Conditions to claim the CEWS

  • The CEWS can be claimed with respect to employees who are employed in Canada.
  • Eligible employers include employers of all sizes and across all sectors of the economy, with the exception of public sector entities, including schools and hospitals. This includes taxable corporations, individuals, partnerships consisting of eligible employers other than partnerships, non-profit organizations, registered charities and persons exempt from Part I tax under paragraphs 149(1)(e). (j) or (k) of the Income Tax Act.
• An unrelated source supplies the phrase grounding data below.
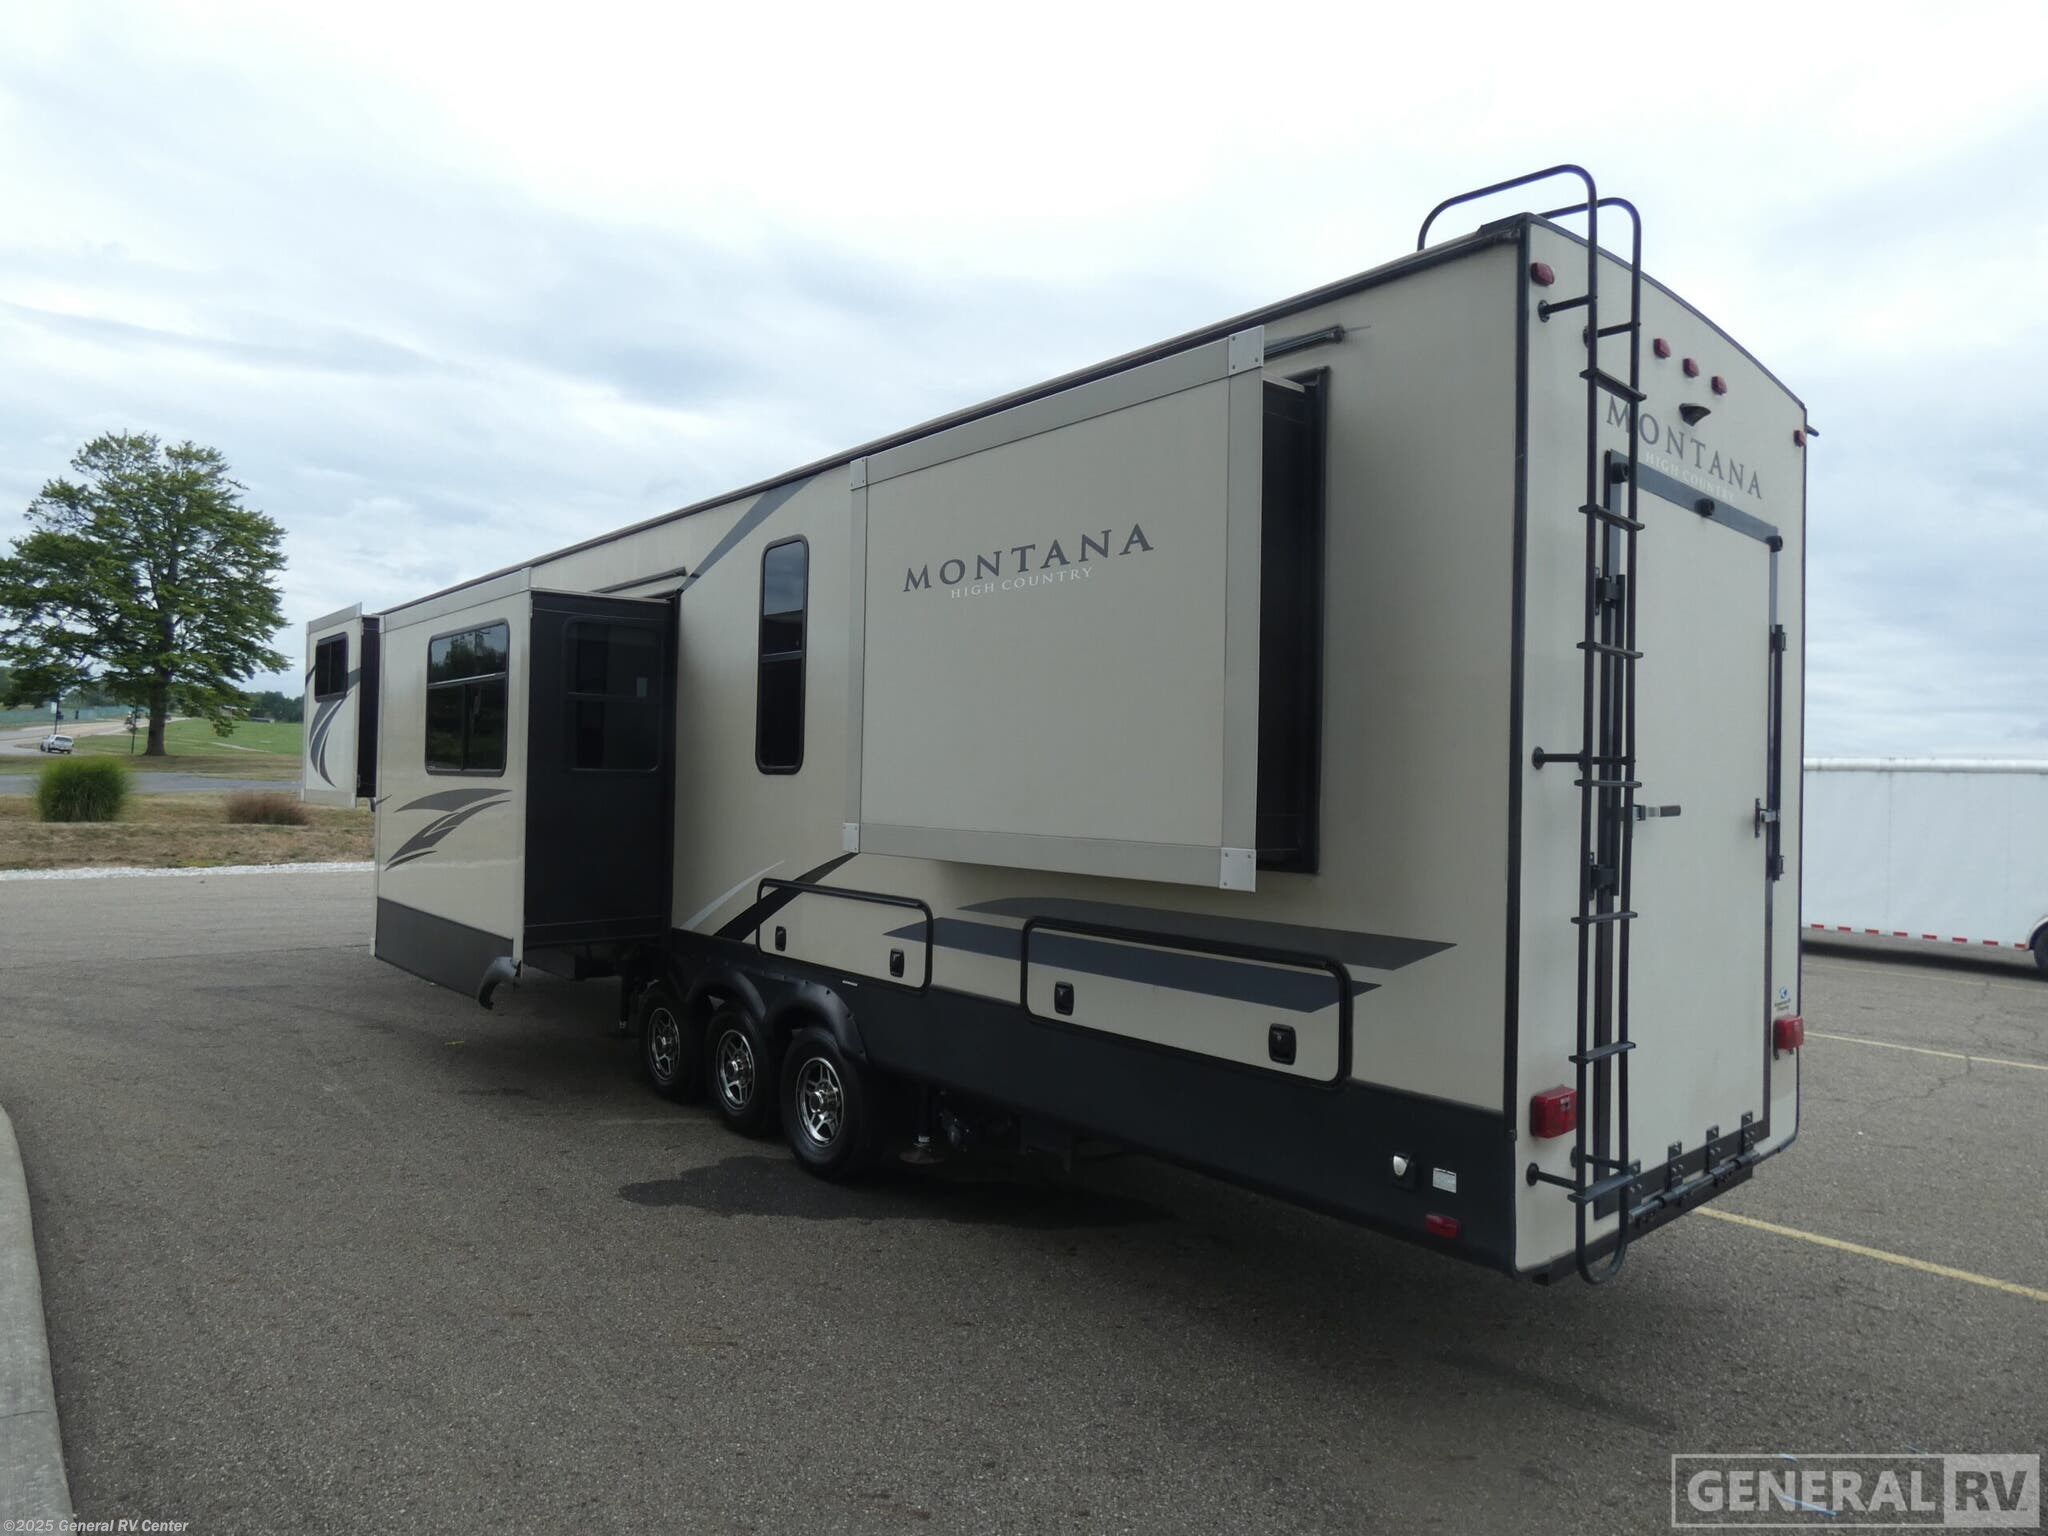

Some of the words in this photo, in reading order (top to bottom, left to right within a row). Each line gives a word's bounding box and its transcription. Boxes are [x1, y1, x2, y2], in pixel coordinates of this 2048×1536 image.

[1606, 395, 1762, 500] MONTANA
[1646, 451, 1680, 476] HIGH
[904, 523, 1154, 592] MONTANA
[951, 583, 995, 599] HIGH
[1001, 566, 1093, 591] COUNTRY
Foreign controlled corporations (such as Canadian subsidiaries) can claim the CEWS with respect to their employees involved in Canadian operations.
  • To claim the CEWS, an eligible employers must suffer a drop in gross Canadian revenues of at least 15% in March and 30% in April or May 2020.
  • The final legislation implementing the CEWS introduced a deeming rule whereby if an employer is found eligible for a specific period, this employer would automatically qualify for the next period. For example, an employer with a revenue drop of more than 15% in March would qualify for the first and second periods of the program. Similarly, an employer with a revenue drop of 30% in April would qualify for the second and third periods of the program. Therefore, an employer may claim the subsidy for the entire 3-month duration of the program even if this employer qualifies only for the months of March and either April or May. 
  • The revenue test is applied in comparison with the same month in 2019. Employers can however elect to calculate their change in revenue using an alternative benchmark, which can be useful especially for high-growth firms, sectors that faced difficulties in 2019, non-profits and charities, as well as employers established after February 2019. Under this alternative approach, employers may compare their revenue using an average of their revenue earned in January and February 2020. Employers must select the general year-over-year approach or this alternative approach when first applying for the CEWS and are required to use the same approach for the entire duration of the program.
  • The legislation contains additional guidelines for the computation of revenue: 
  • Revenue is referred to as “the inflow of cash, receivables or other consideration arising in the course of the ordinary activities of the eligible entity — generally from the sale of goods, the rendering of services and the use by others of resources of the eligible entity — in Canada”. 
  • An employer’s revenue excludes amounts derived from persons or partnerships not dealing at arm’s length with the employer (subject to the below exception). 
  • The default rule is that revenue is calculated using the employer’s normal accounting method, and excludes revenues from extraordinary items and amounts on account of capital.
  • However, employers can elect to calculate their revenue under the cash method. Note that a combination of both the accrual and the cash methods is not allowed. Employers may select an accounting method when first applying for the CEWS and are required to use that method for the entire duration of the program.
  • In the final legislation implementing the CEWS, it was clarified that the cash method is the one used in subsection 28(1) of the Income Tax Act, with any modifications that the circumstances require. 
  • Revenues per subsection 28(1) are business receipts, excluding capital and other non-revenue receipts. The Income Tax Act provides for business receipts that are deemed to be received (even if not received in reality). These deemed business receipts must be included in revenues per subsection 28(1). A separate publication will follow on deemed business receipts. Subsection 28(1) also requires the adjustment of business receipts and deemed business receipts for the following items:
  • Recaptured capital cost allowance must be added to the cash receipts;
  • Any required income inclusion as a result of the debt forgiveness rules must be added to the cash receipts;
  • There is a mandatory inventory adjustment which requires an addition to cash receipts equal to the lesser of:
  • The taxpayer’s loss from the business calculated under the cash method; and
  • The value of inventory purchased by the taxpayer that was owned by the taxpayer in connection with the business at the end of the period.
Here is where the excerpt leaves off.